“I fully accept that one reason why the world regards us as irrelevant and introverted is because of our morbid obsession with the state of the Church. Not only are we prone to judge the proximity of the Kingdom of God by our membership statistics—when we grow, it is at hand; when we are in decline, it tarries. But more seriously, we use the Church as a thermometer by which to measure the state of God’s health. To put it crudely, there are sincere church folk who appear quite convinced that should the last member of their church expire, God will disappear in a puff of purple smoke.” So said Colin Morris.

Will we ever get over that way of thinking?

Whatever we say in our pain or in our frustration about what God isn’t doing that he should be doing, or what God could do “if only we would help him”—whatever we say under those circumstances, however sensible it sounds and however understandable it is that we would say it, when we turn around in our high-strung state there stands Jesus.

The former and late atheist, Anthony Flew, remarked in his New Essays in Philosophical Theology that the entire religious question wouldn’t be worth bothering about, “if it were not for that one life lived”—he was referring to Jesus.

When the wise ones in the Enlightenment period had made up their minds to dissolve the Bible and everything in it in their critical acids Jesus stood stubbornly in their way. What were they to do with him? You simply can’t make sense of the Bible as a whole without Jesus and He won’t let you “explain” Him away in respectful speech or sideline Him with respectful nods. They shuffled off and Jesus remains—Bible and all.

The Lord Jesus not only saves people; he “saves” God. Since He is the image of the God we can’t see and the fullness of GOD is embodied in Him of you hear Him saying things like, “If you know Me you know the Father. If you see me you see the Father who sent Me.”
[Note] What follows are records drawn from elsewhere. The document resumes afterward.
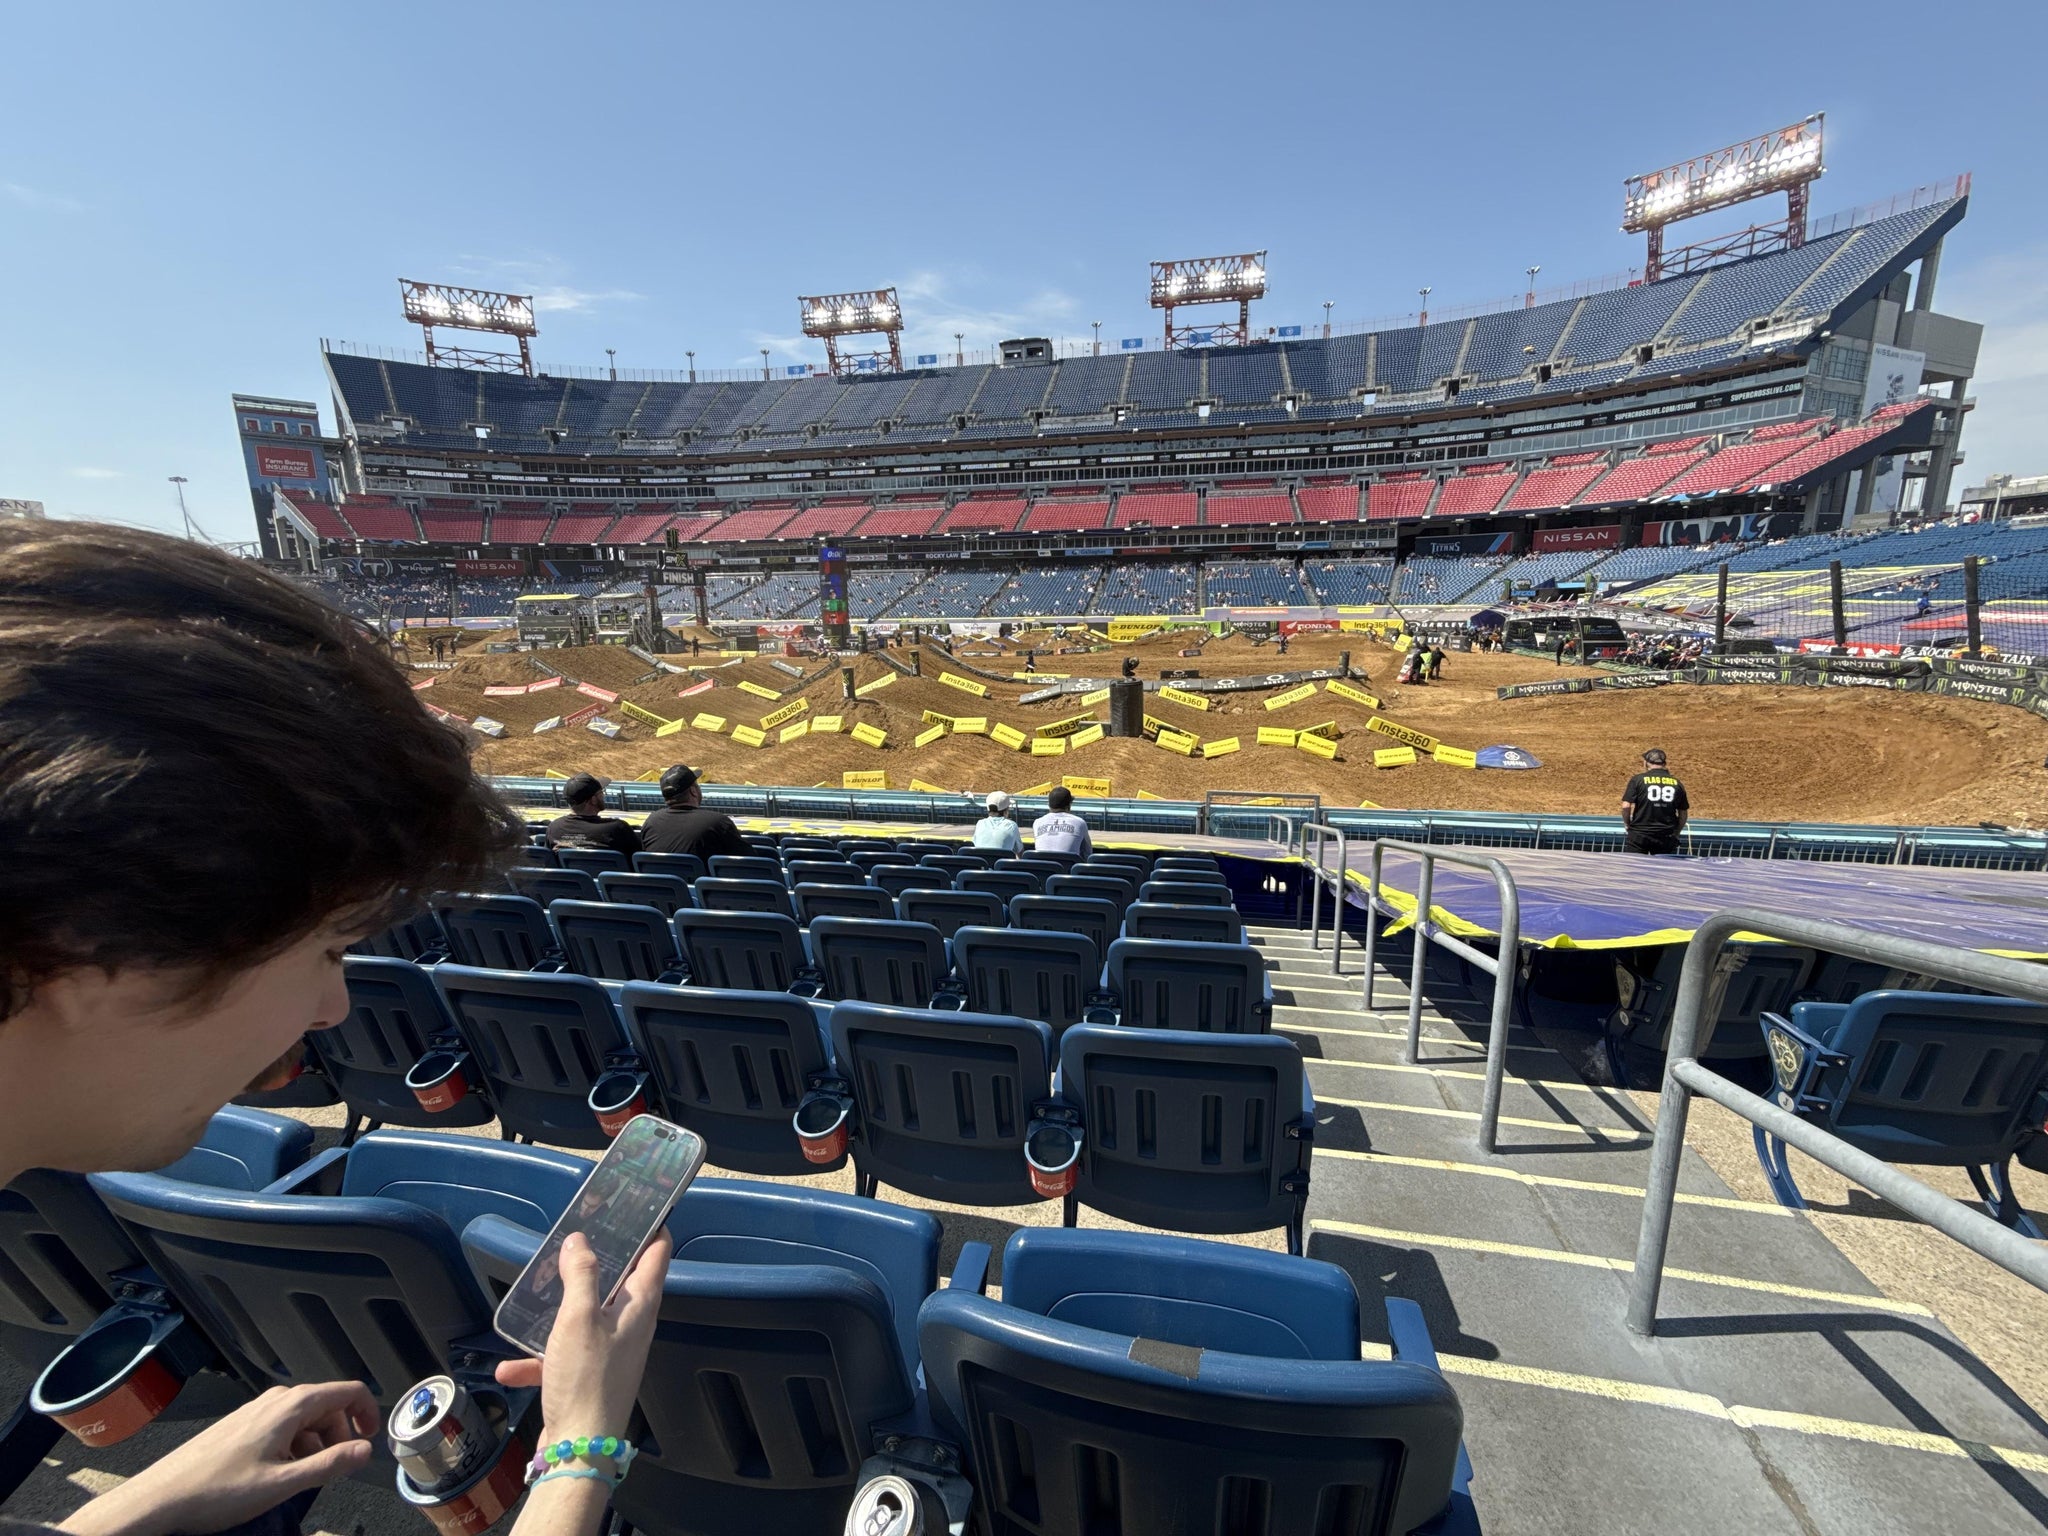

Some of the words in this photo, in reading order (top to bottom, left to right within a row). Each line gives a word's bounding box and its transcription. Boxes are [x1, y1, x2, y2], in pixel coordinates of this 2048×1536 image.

[265, 464, 309, 473] INSURANCE
[1543, 531, 1609, 543] NISSAN
[663, 571, 694, 584] FINISH
[1724, 656, 1775, 664] MONSTER
[1721, 670, 1776, 679] MONSTER
[1959, 663, 2012, 676] MONSTER
[945, 675, 980, 692] Insta360
[1518, 683, 1565, 693] MONSTER
[1951, 680, 2008, 697] MONSTER
[1087, 691, 1108, 702] Insta
[1165, 690, 1202, 707] Insta360
[1271, 687, 1309, 706] Insta360
[1334, 683, 1372, 704] Insta360
[569, 708, 600, 726] HONDA
[627, 706, 665, 727] Insta360
[766, 702, 802, 726] Insta360
[929, 714, 954, 728] Insta
[1378, 721, 1431, 748] Insta360
[1643, 776, 1661, 785] FLAG
[1661, 776, 1678, 786] CREW
[1071, 784, 1108, 792] DUNLOP
[1647, 785, 1675, 802] 08
[1782, 1097, 1788, 1106] J
[1036, 1179, 1069, 1191] Coca-Cola
Say God doesn’t care about sin and then look at Jesus (Romans 3:23-25; John 2:13-17). Say God doesn’t care about people and then look at Jesus (John 3:16; Romans 8:31-32; ACTS 20:31 ). Say God is powerless in the face of corrupt powers and death-dealers and then look at Jesus (Acts 2:23; 4:24-31). Say God doesn’t keep his promises and then look at Jesus (2 Corinthians 1:20). Say God doesn’t know how to deal with the world and its satanic ways and then listen to Jesus (John 12:31; 16:33). Say God will grow tired of us and walk away from us and then look at Jesus (Hebrews 13:5-8).

Though I’ve had a life with comparatively little to complain about I think I know at times what it really means to be tired and down so I can guess in the right direction how it must be for people who know real trouble, day in and day out for years and with no hope for change. People for whom wise words settle nothing, whose nerves are frayed, whose spirits are close to broken and whose strength has all but ebbed completely away. They’re so troubled that even our wise and good words, kindly spoken—and they should be spoken—they don’t immediately help a lot. Sigh. But Paul spoke the right kind of truth to very anxious people: “Comfort one another with these words.”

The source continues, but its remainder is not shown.